Damien takes my hand, rubbing his thumb over the back of my it. “You are lucky to be alive with all your limbs attached, Eloise. It’s a miracle you survived.”
I flinch at his words, and at first I’m not sure why. There’s nothing uncaring about them or callous. But then it dawns on me. “It wasn’t a miracle, Damien. It was me. My magic. The box didn’t give me more than I could handle. Yes, I was injured, but I still won. And I’ll win again.”
“Maybe.” He frowns.
“I need to know you still believe in me.

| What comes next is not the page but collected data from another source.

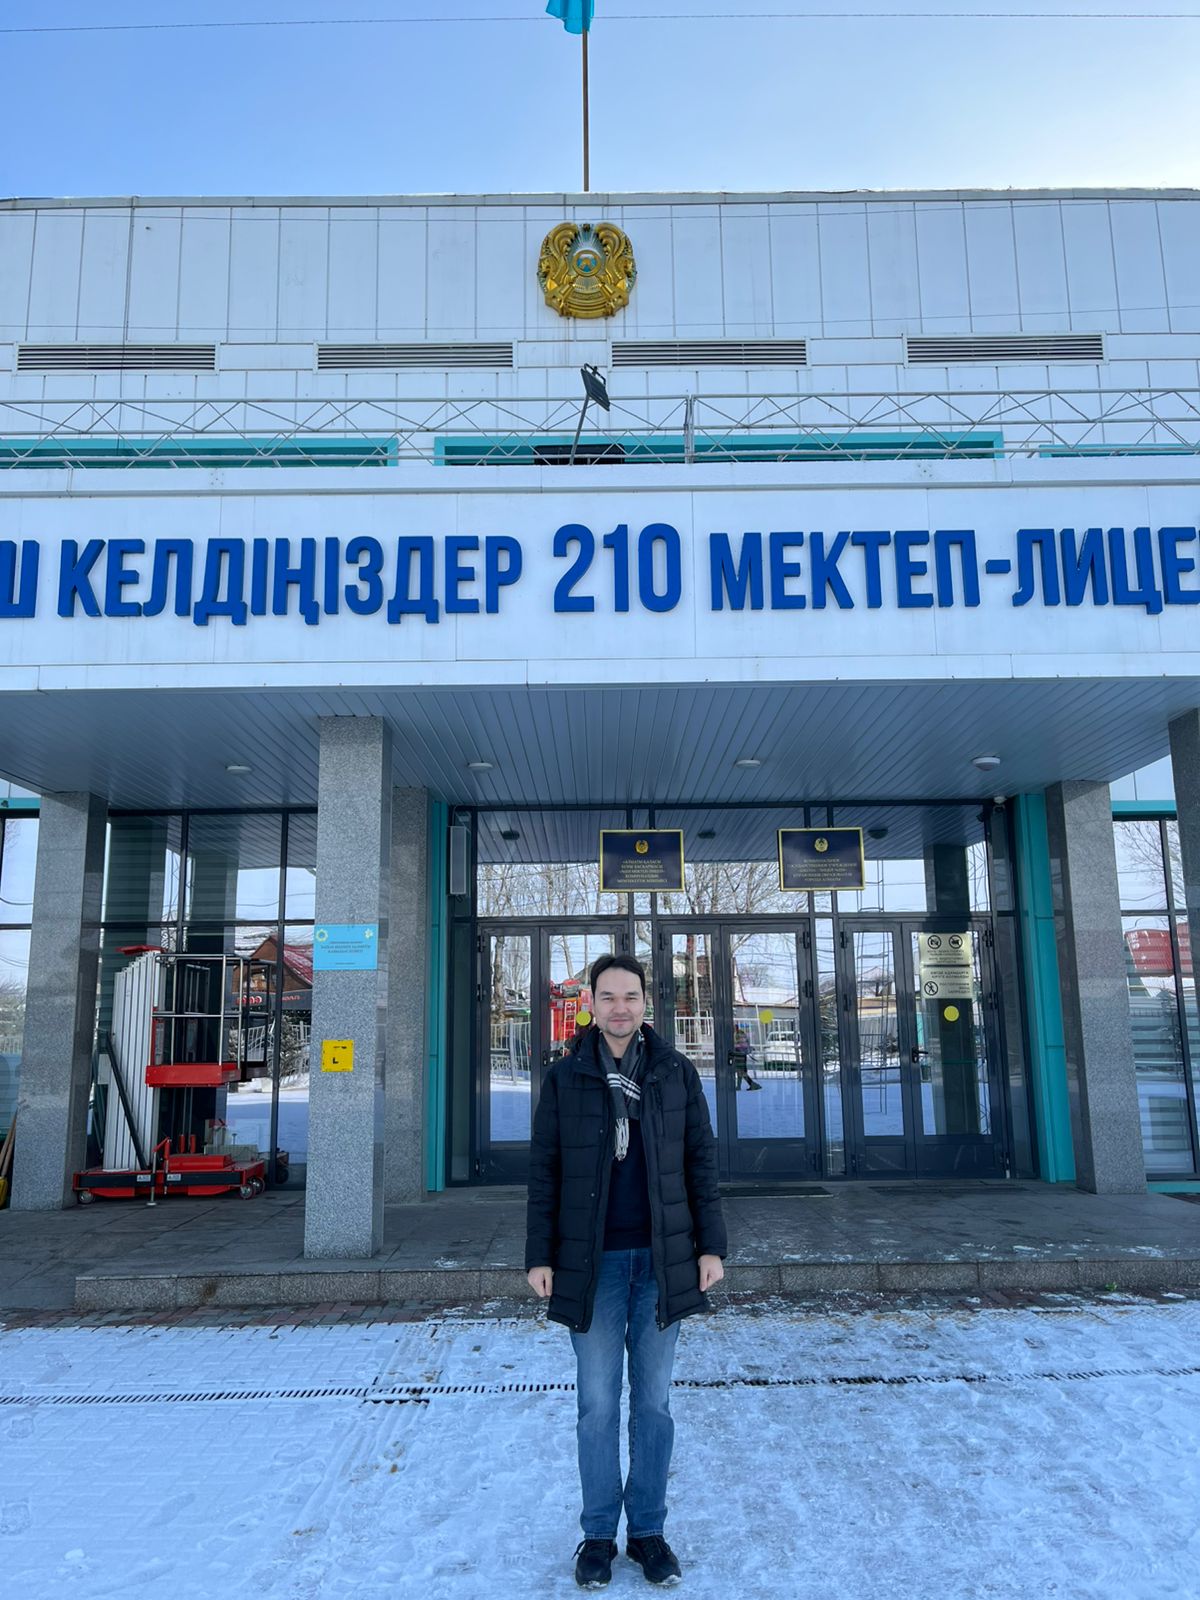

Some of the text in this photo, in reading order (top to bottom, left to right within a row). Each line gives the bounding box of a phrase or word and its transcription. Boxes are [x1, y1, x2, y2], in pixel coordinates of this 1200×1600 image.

[57, 536, 523, 626] КЕЛДІҢІЗДЕР
[552, 523, 682, 613] 210
[709, 527, 1200, 615] МЕКТЕП-ЛИЦЕ
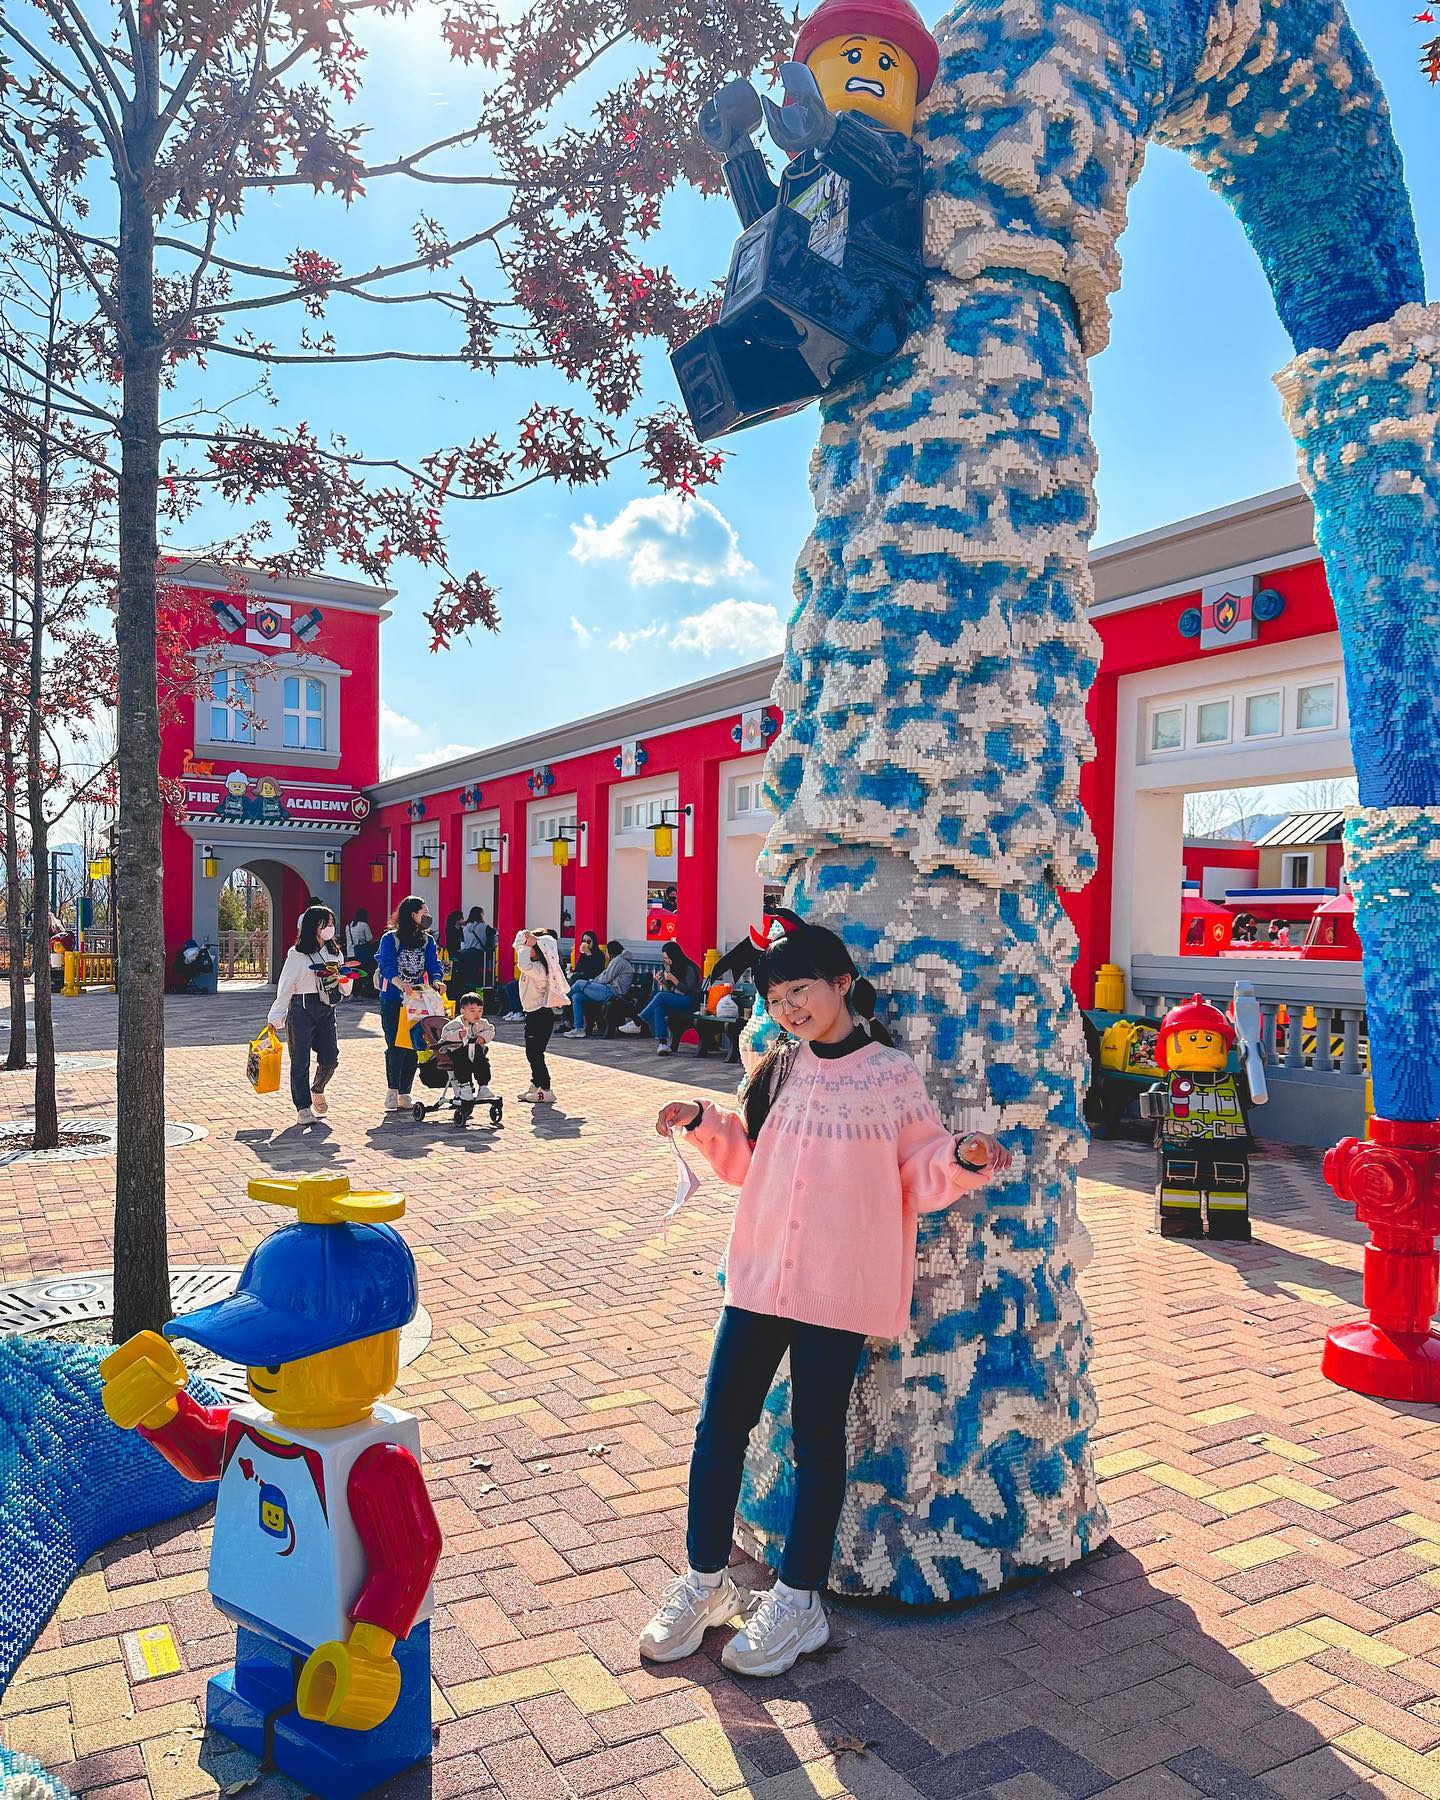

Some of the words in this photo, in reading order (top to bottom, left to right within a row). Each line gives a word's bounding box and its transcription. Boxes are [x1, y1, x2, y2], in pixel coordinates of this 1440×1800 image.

[188, 791, 220, 804] FIRE
[286, 798, 349, 812] ACADEMY
[537, 1091, 545, 1101] B
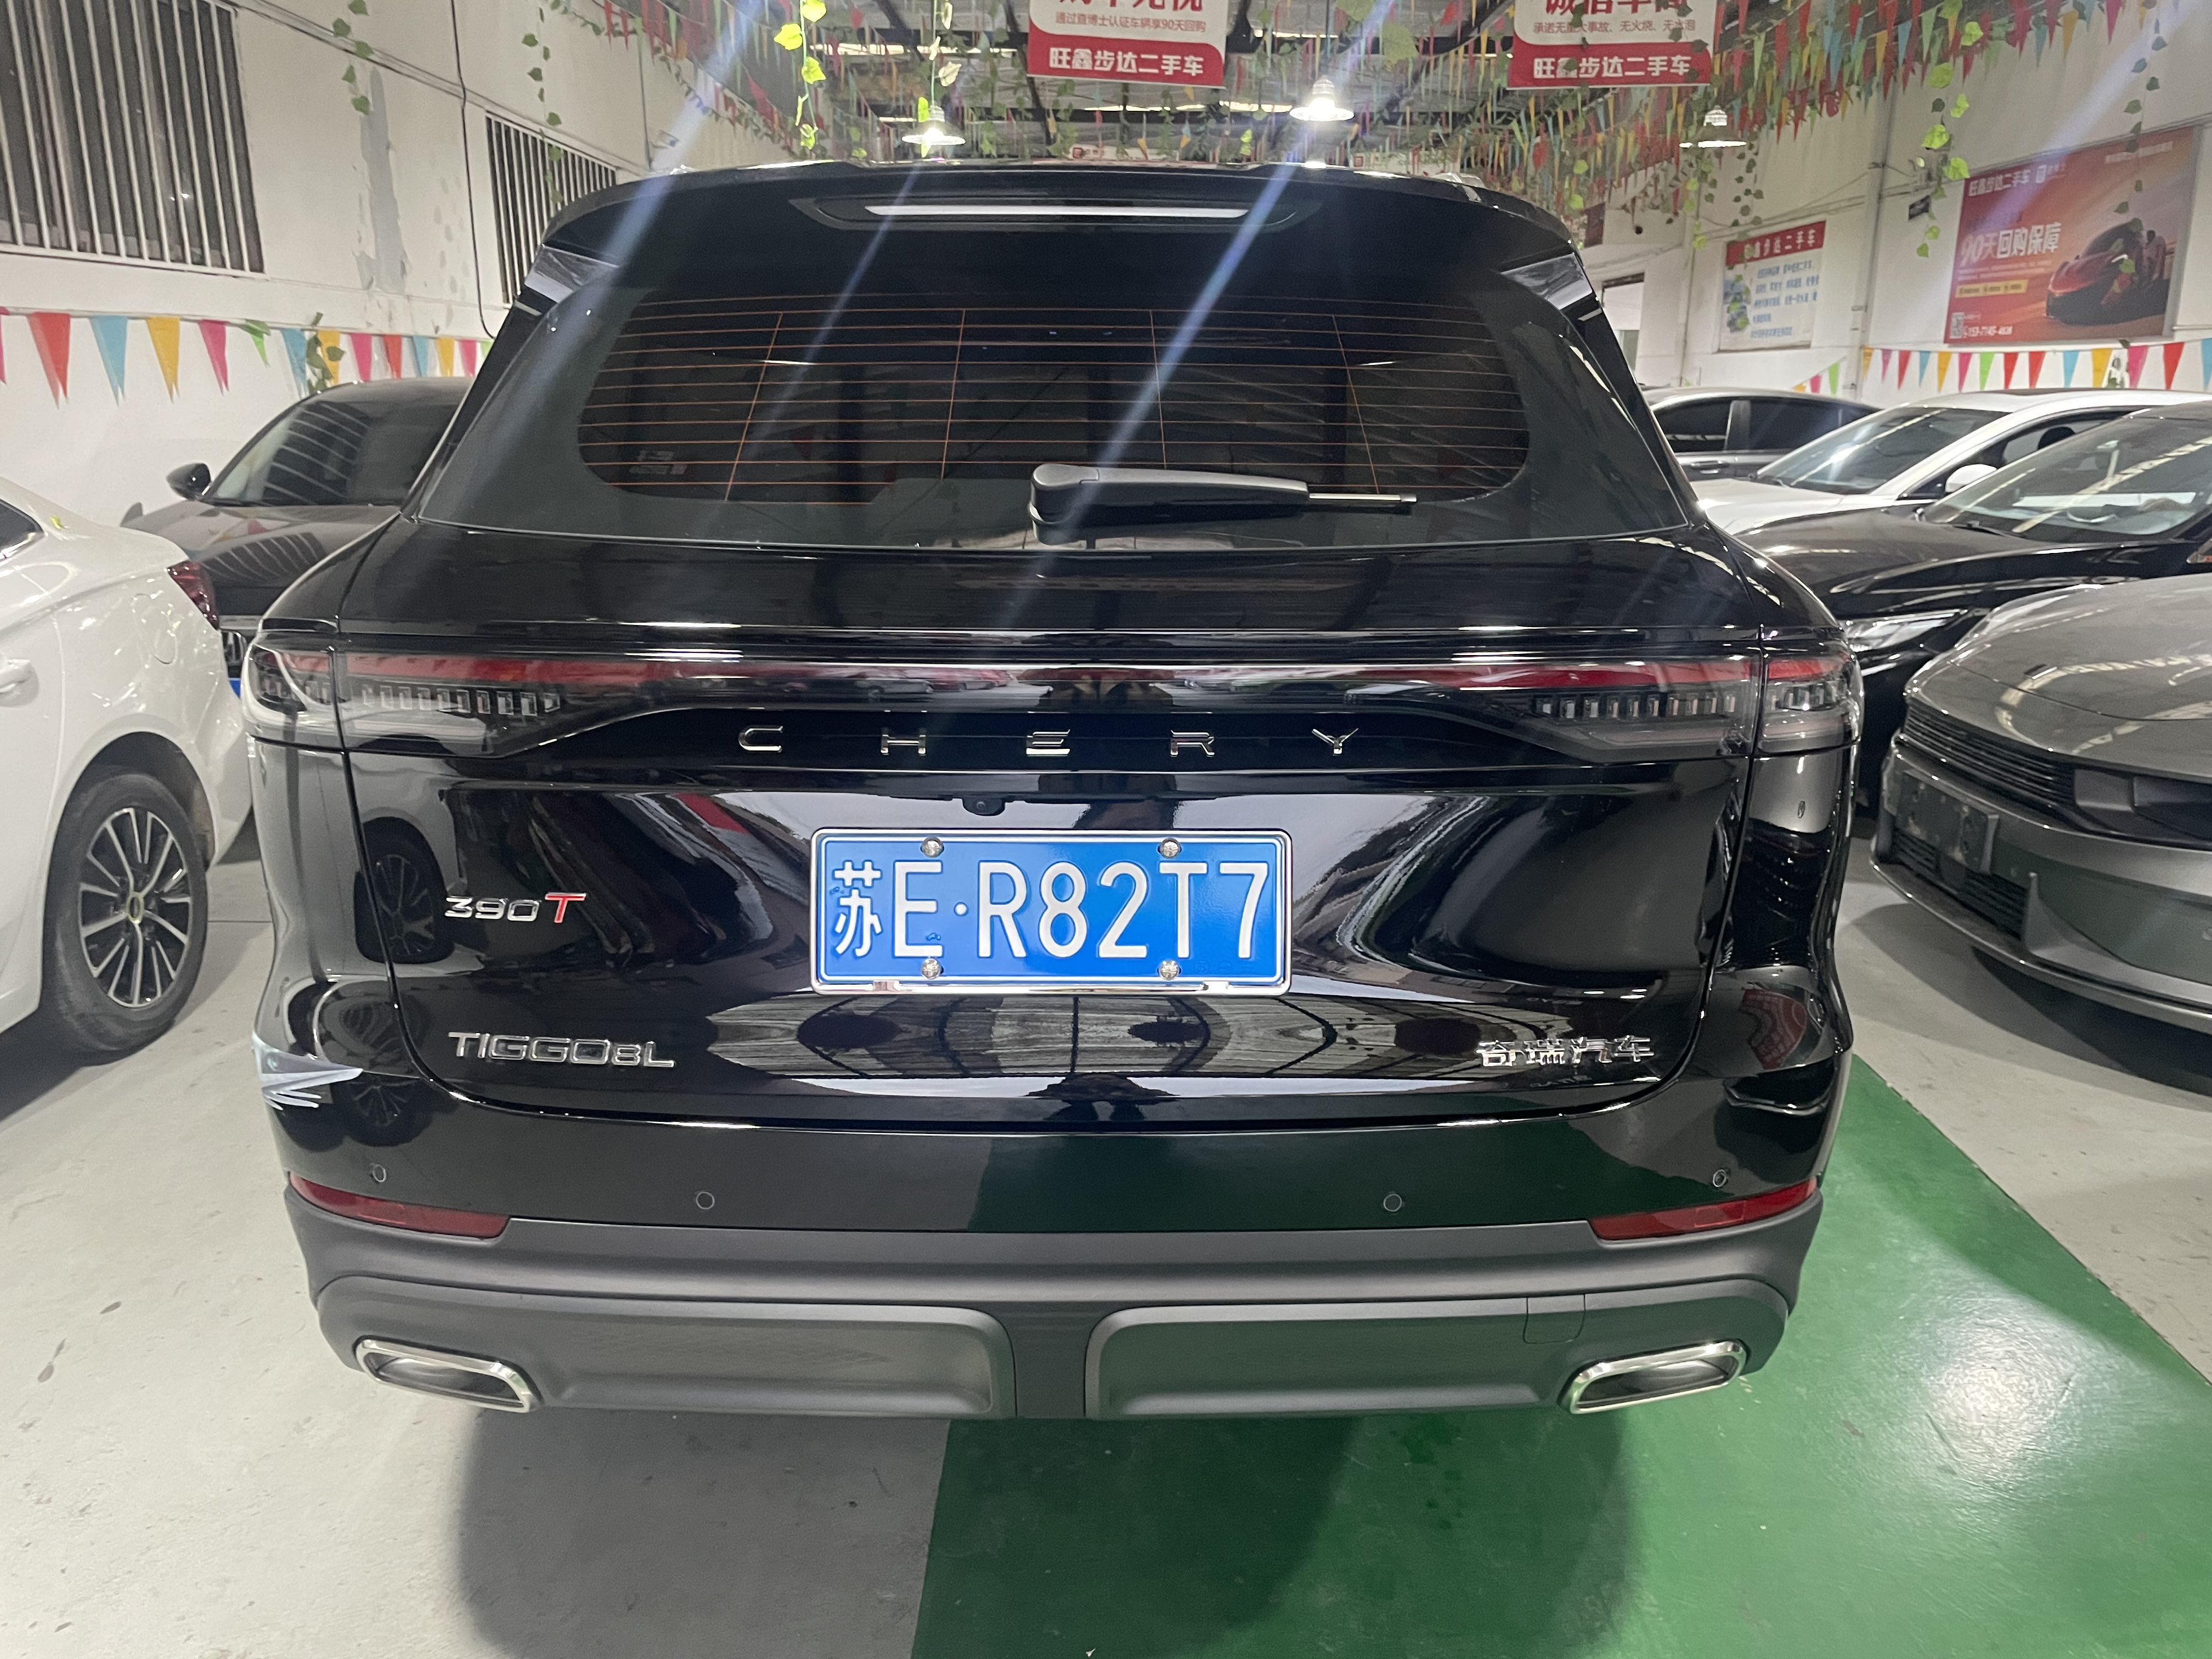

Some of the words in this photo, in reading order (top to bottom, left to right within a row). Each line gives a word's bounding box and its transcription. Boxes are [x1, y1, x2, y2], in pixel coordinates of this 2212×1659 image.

You of all people have to believe I can do this.”
He takes a deep breath. “I believe you can do it.”
“Good.”
“I also believe you shouldn’t have to.”
I lean my head back and look at the ceiling. “That ship has sailed.”
He grunts in disapproval, but I soldier on. “Look on the bright side, now that we know the nature of the challenges, you can greatly improve my odds of success by telling me more about yourself.”
A low chuckle rumbles in his chest. “How can I do that when my life didn’t start until you summoned me?” We both groan and then laugh together. “I will do as you wish, little bird, as I have always done. But I loathe the thought of you going back through that archway. I’d bargain my soul to get you out of it.”
I shake my head. “Don’t you dare. No more bargains. No more deals. Our debt to this world ends here.”
He gives me a slow, almost reluctant nod, then leans forward to kiss me, saying without words that his only true bargain is with me. A bargain for forever. A bargain to be mates.
When he draws back again, he straightens my blankets. “Now that we know the challenges come from my memories, you have one clear advantage. I plan to share as many of them as possible, only with you.”